Showing 1-5 of 15 (next | show all)
This and Batuman’s previous The Idiot are both fabulous campus novels which I’d recommend to any former humanities student. ( )
  Amateria66 | May 24, 2024 |
She's not for everyone, but she sure is for me. ( )
  eas7788 | Apr 4, 2024 |
I think I might have loved this even more than "The Idiot". Batuman is an absolute genius and has a way with words that I've never seen before. This was everything I hoped it would be and MORE. ( )
  deborahee | Feb 23, 2024 |
I want to read everything by Elif Batuman. I loved inhabiting Selin's world, her worldview became mine. Much like The Idiot, Either/Or has given me a lot to think about: my bilinguality, unpopular opinions, art, literature, friendships, boys, grammar. I kept delaying finishing the novel because that's how much I wanted to keep lingering in Selin's world. ( )
  nonameavailablenone | Jan 2, 2024 |
Good Writing as a Bad Habit

Walter Benjamin's writings on child-play are even more impressive if we imagine he is doing a kind of Nabokovian-noticing of his own puerile experiences. More likely, he is observing the behavior of children and writing himself backward.
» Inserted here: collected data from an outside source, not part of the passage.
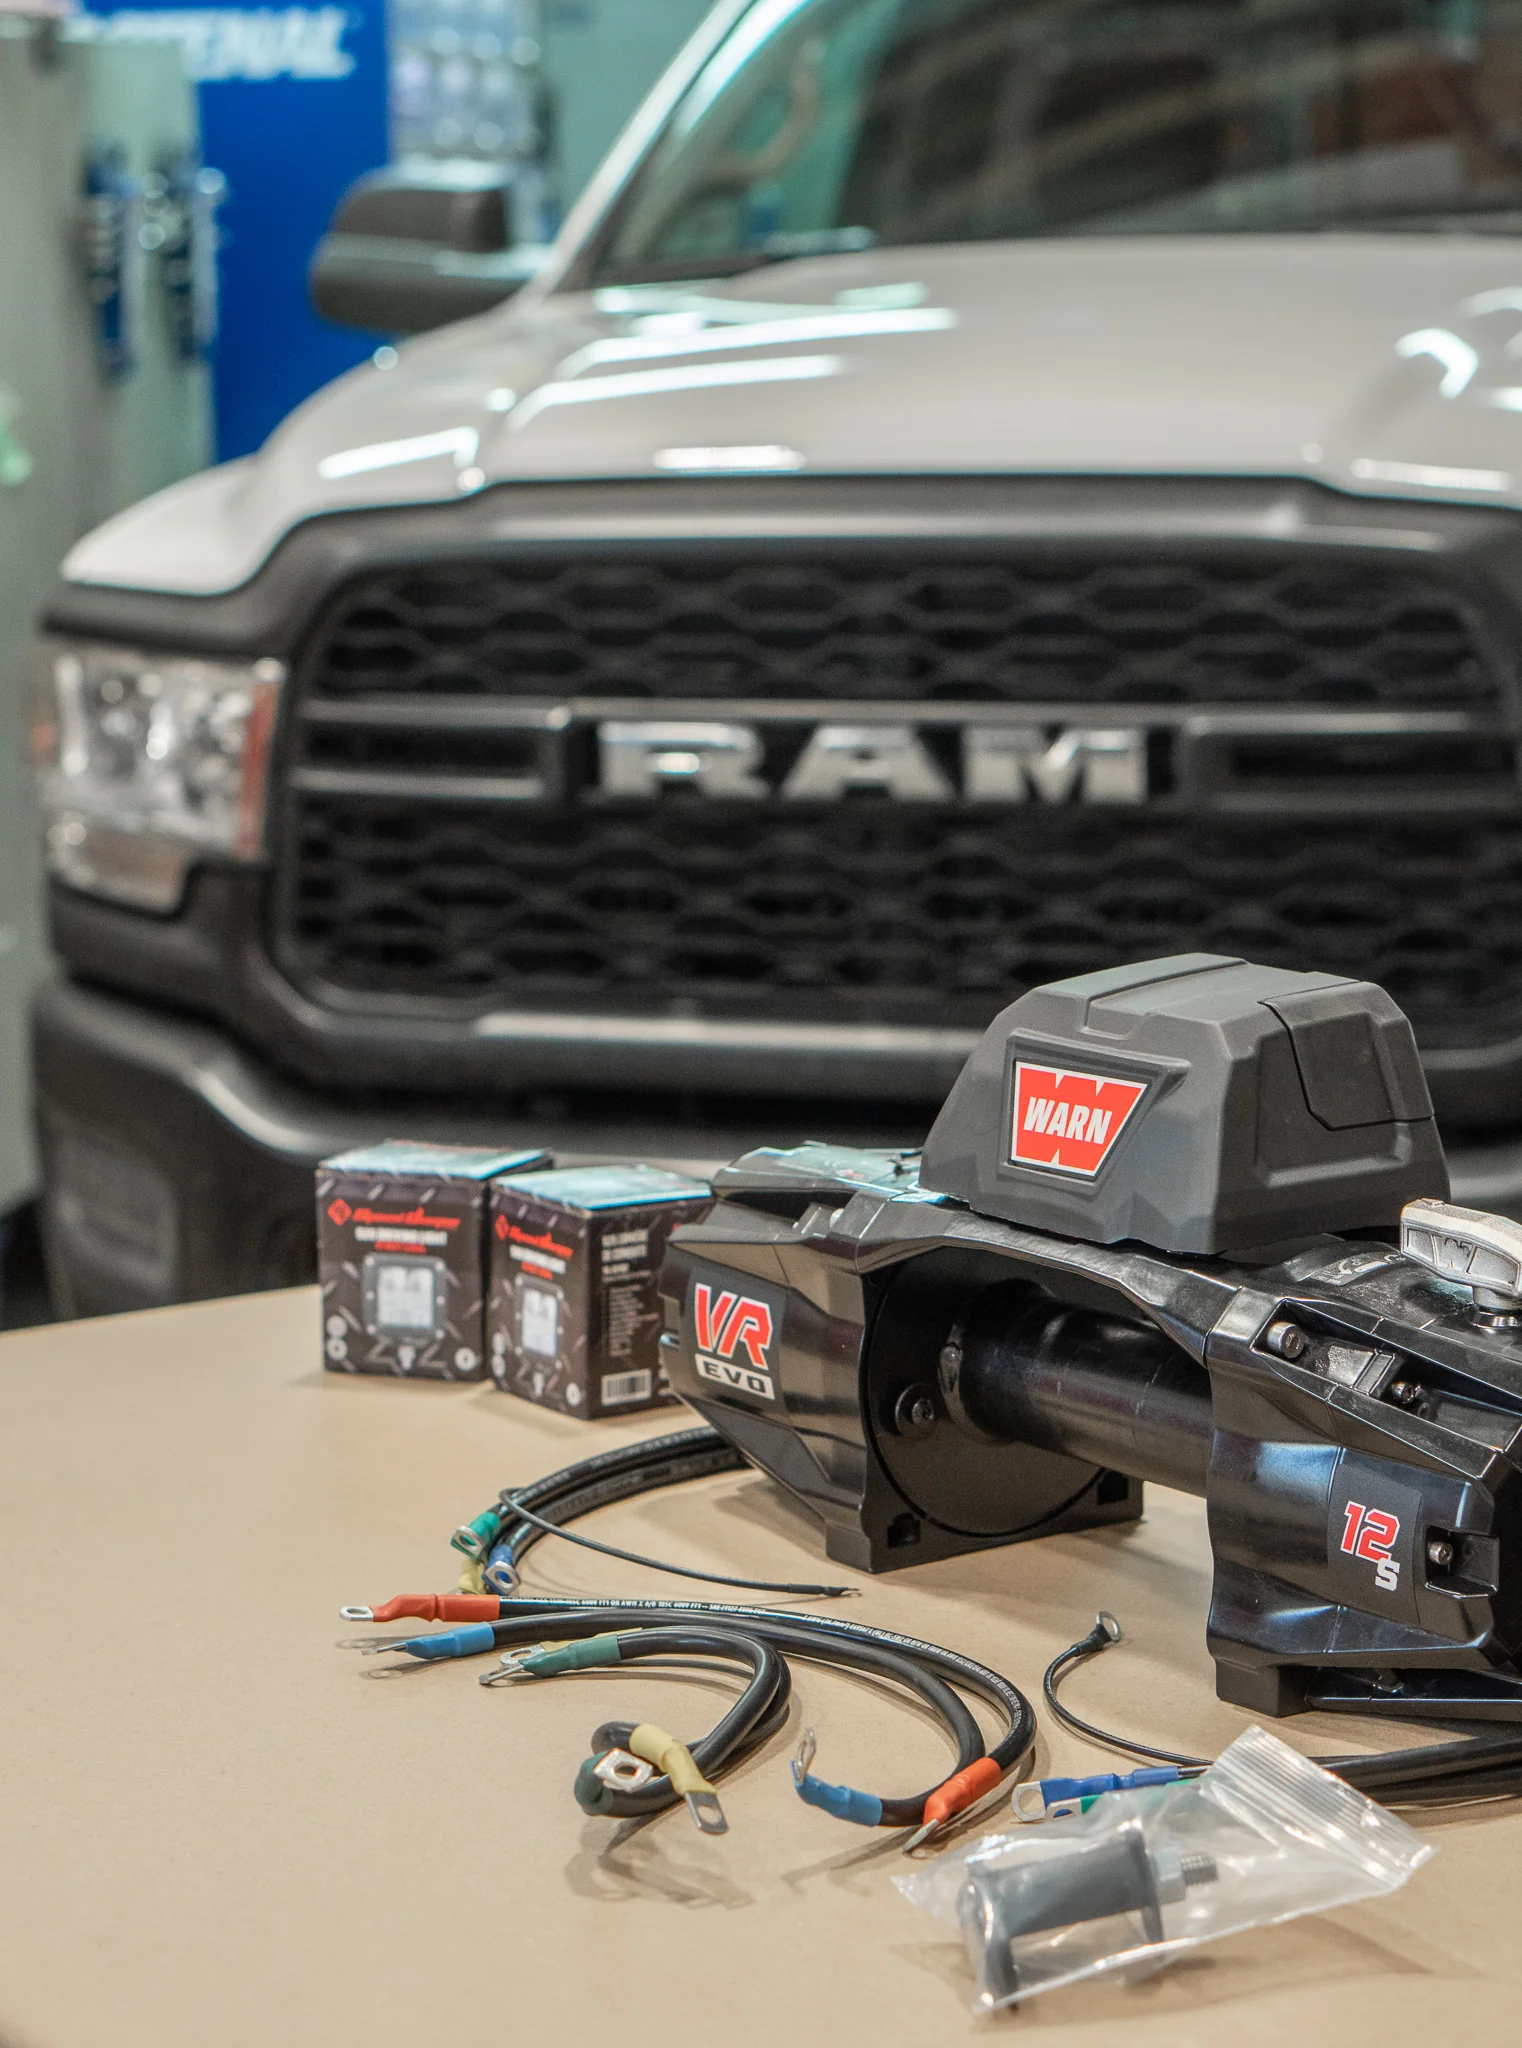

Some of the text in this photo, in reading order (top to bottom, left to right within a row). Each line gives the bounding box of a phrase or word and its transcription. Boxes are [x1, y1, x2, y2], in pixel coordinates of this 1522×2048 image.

[600, 722, 1146, 799] RAM
[1023, 1096, 1112, 1144] WARN
[694, 1283, 773, 1371] VR
[703, 1361, 767, 1393] EVO
[1340, 1500, 1400, 1564] 12
Batuman's commentaries on the classics are impressive in that they strike us as precisely the A-level writing of a precocious college sophomore. How is Batuman able to write at that angle subtended by deeper-than-you-thought-but-not-too-deep interpretations. Likely she is benefiting from her students in her role as an instructor on literature (and that 80% of the structuring commentary is left out of the text). We already know that bright undergraduate who instinctually understands the chauvinist interpretations of Madame Bovary and our so-called "utilitarian moralists" to be false (brilliant), subsequently progressing to the insipid equivocation of Shakespeare and Intercourse (less brilliant), and followed by a vague perplexity on the subject of "littérature féminine" in the work of Irigaray and Cixous (not brilliant).
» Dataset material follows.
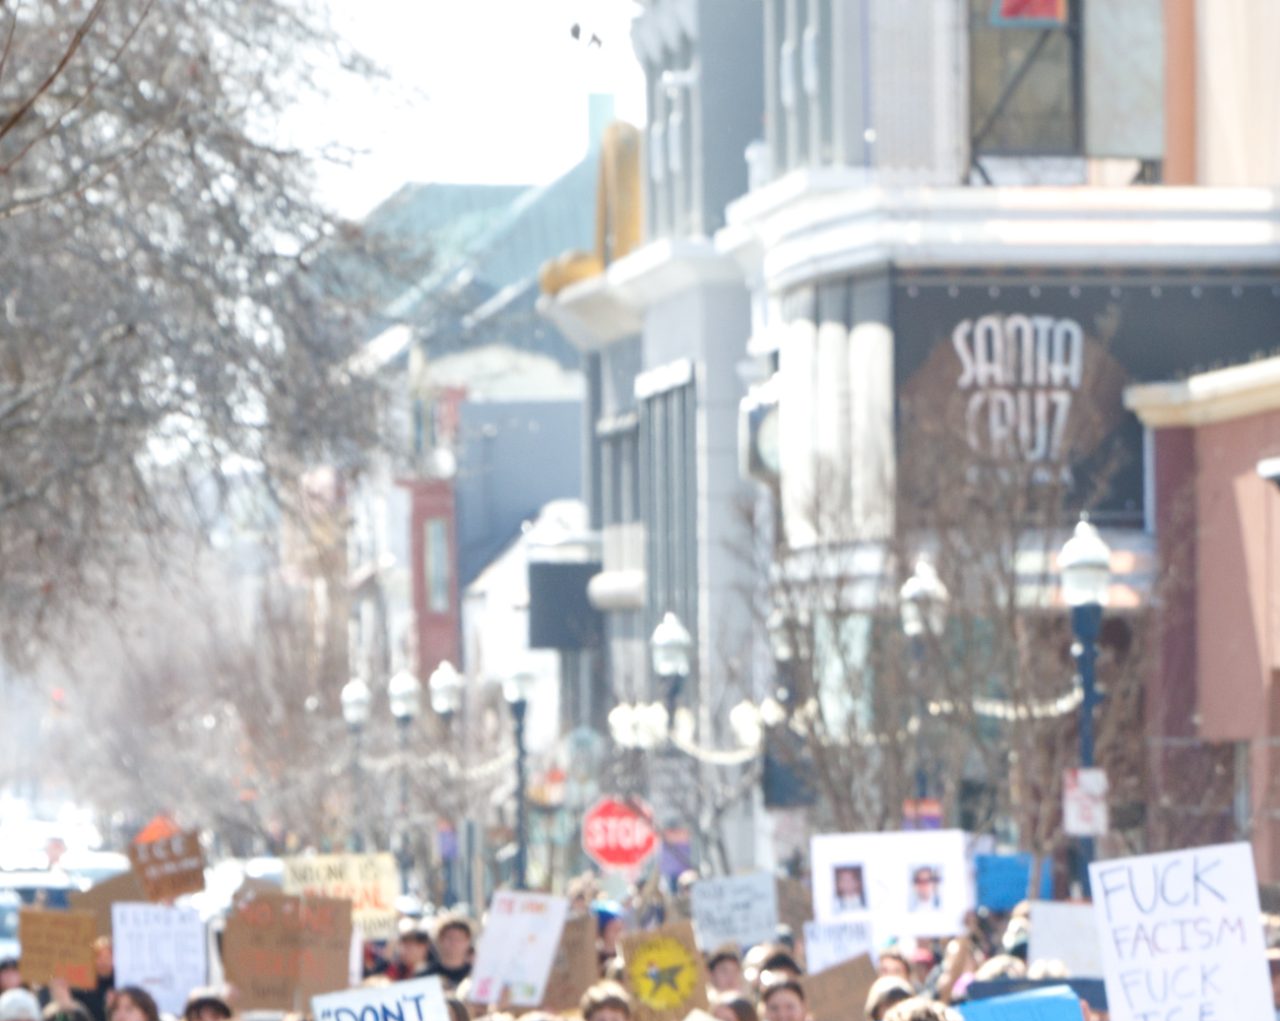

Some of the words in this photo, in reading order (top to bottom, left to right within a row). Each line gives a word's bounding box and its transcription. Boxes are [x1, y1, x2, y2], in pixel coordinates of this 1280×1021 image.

Later on, no longer supported by the perennial refreshment of freshman (Sophomoric) interpretations, the author is writing about a trip to Turkey at an impossibly high level. A bad habit that she is always lapsing into good writing (the other being titling her books after more famous works), which we no longer find believable in context.

ASIDE:
Well-executed descriptions of intercourse and initial thoughts related to this. Per Heti, some people may be the great blow job artists of our age (but they, by virtue of the absurd, maintain this as an incognito). Few are willing to teach as Batuman does.

College freshmen should not be made to read Kierkegaard. ( )
  Joe.Olipo | Sep 19, 2023 |
Showing 1-5 of 15 (next | show all)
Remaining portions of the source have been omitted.